Por Agnaldo Farias
As coisas tem vida,
É o que eu sempre digo,
As coisas tem vida própria
Samuel Beckett em Dias Felizes
Para impedir que nos dissolvêssemos na vastidão da terra, inventamos a casa e quedamo-nos ilhados entre paredes. Para impedir que a solidão nos petrificasse de vez, inventamos – além do amor – os objetos. Para Beckett, como se sabe, o amor faltou. E, segundo Adriano e Fernando Guimarães, sobramos apenas nós e alguns poucos objetos.
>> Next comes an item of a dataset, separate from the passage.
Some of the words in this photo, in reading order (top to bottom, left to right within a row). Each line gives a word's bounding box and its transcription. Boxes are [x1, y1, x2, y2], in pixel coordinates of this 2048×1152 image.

Rodeamo-nos de objetos como forma de compartilhar nossa minguada existência. Notem como, além de extensões de nossos membros e sentidos, os objetos encarnam, em versão esquemática, é certo, nossos gestos mais ardilosos para realizá-los com formidável eficácia. Picamos, cortamos, torcemos, aspiramos..., infinitas são as atividades que os nossos tomados de empréstimo, amputados e amplificados realizam por meio dos objetos. E, para o nosso conforto e tranquilidade psíquica, fazemos esses objetos em escala adequada, ergométrica; para garantir-lhes a docilidade de um animal doméstico, executamo-los em materiais sedutores, revestidos com cores agradáveis, em superfícies que se desdobram do opaco e fosco ao diáfano, translúcido, transparente; em formas ancestralmente conhecidas, porque, afinal, as necessidades são quase as mesmas de sempre como essencialmente iguais são as maneiras de atendê-las por meio de vasos, cadeiras, mesas, bacias, arcas, armários. Copos – Lembra? – são as mãos em concha; garfos, os dedos em garra; cadeiras, a verticalidade do corpo entrecortada, o chão reposto à meia altura, ensejando o repouso e uma postura atenta.
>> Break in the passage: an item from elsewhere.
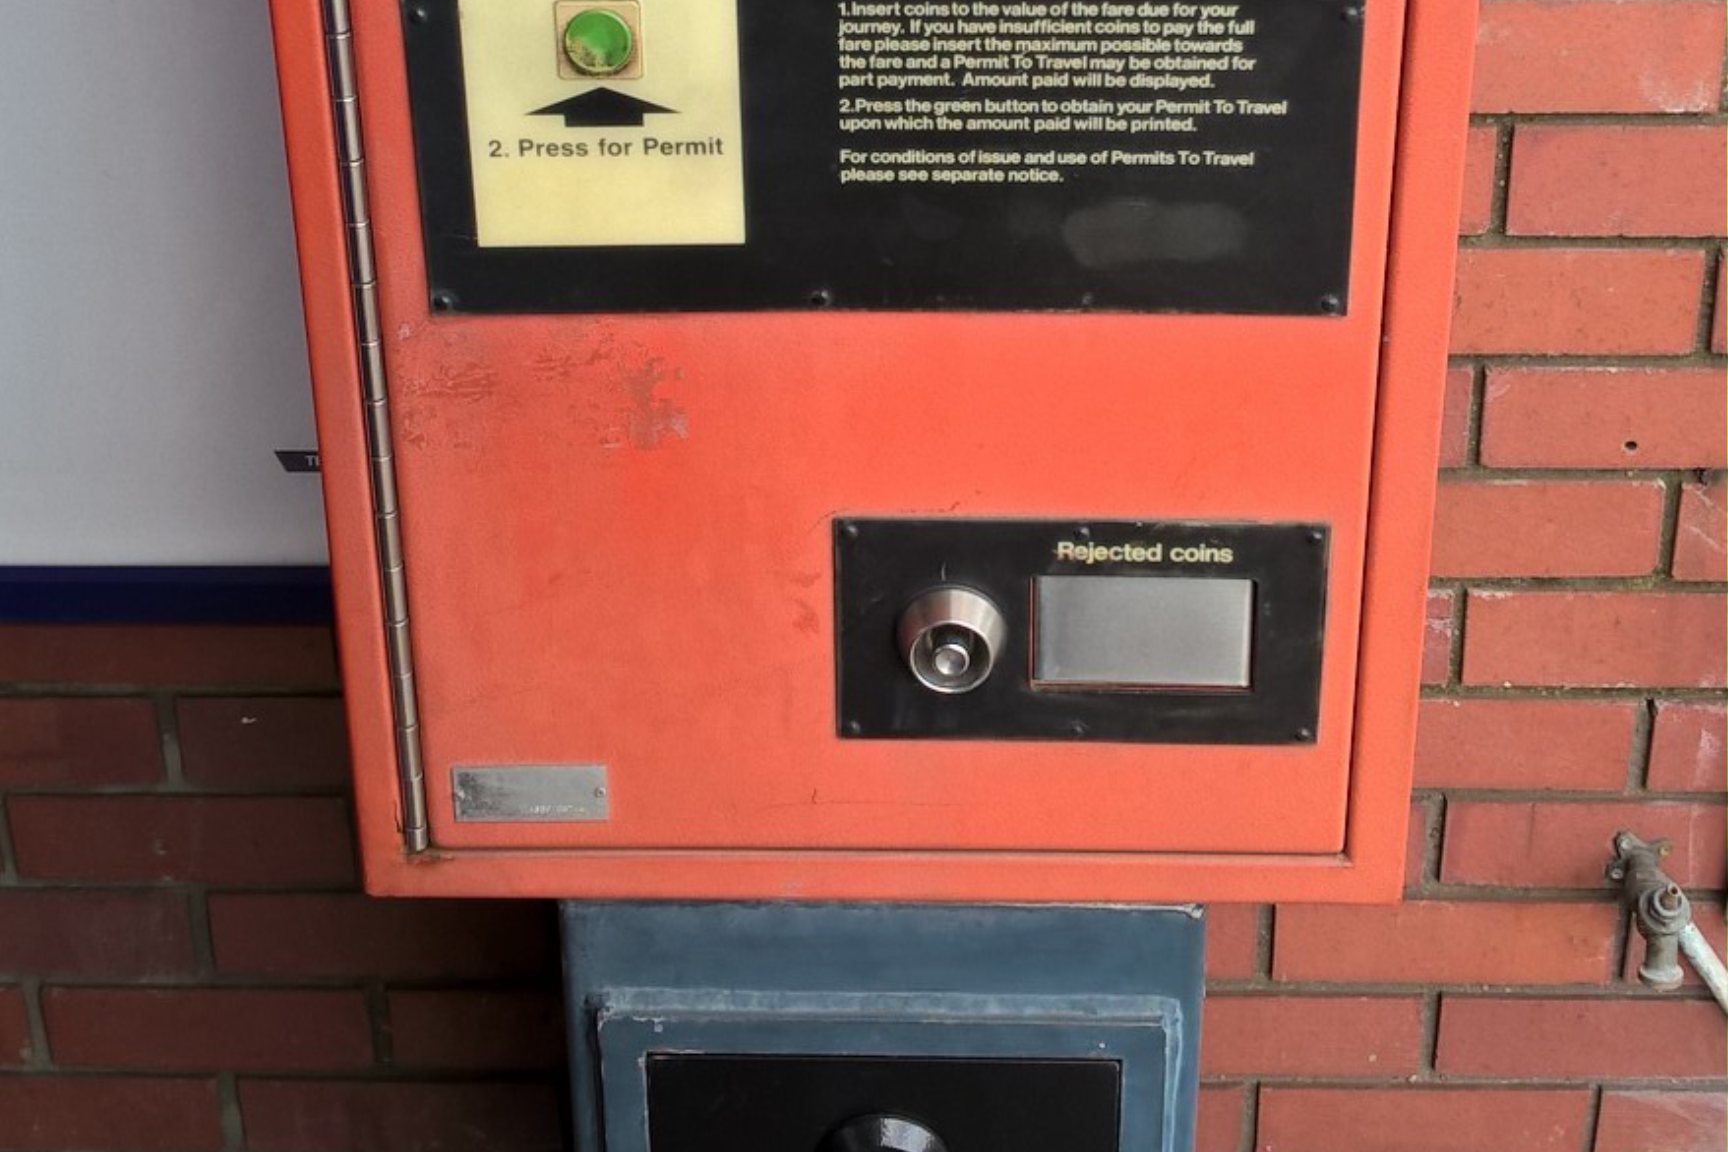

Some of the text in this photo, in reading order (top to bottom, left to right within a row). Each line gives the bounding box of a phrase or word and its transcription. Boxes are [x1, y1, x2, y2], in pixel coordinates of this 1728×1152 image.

Pois não é que esses mesmo objetos, isolados ou em conjuntura, podem e efetivamente traem. Pensemos nas facas pontiagudas que, vez por outra, se nos excapam para se projetarem verticalmente e diagonalmente ameaçando nossos pés, ou ainda, insidiosas, fendem nossa carne enquanto descascamos uma laranja. Como não rememorar o pequeno mas ainda assim espanto, o quase recuo de horror, o instante suspendido em que, anunciado pela dorzinha lancinante, o sangue transborda e escorre pela derme branca da fruta. Claro está que as facas trazem manifestamente essa dualidade de que todos somos feitos, essa compulsão bifurcada entre criar e destruir. E mesmo os tão fraternos liquidificadores, fogões, aspiradores de pó e ferros elétricos fascinam pelo potencial poder de macerar, triturar, pulverizar, sorver e queimar.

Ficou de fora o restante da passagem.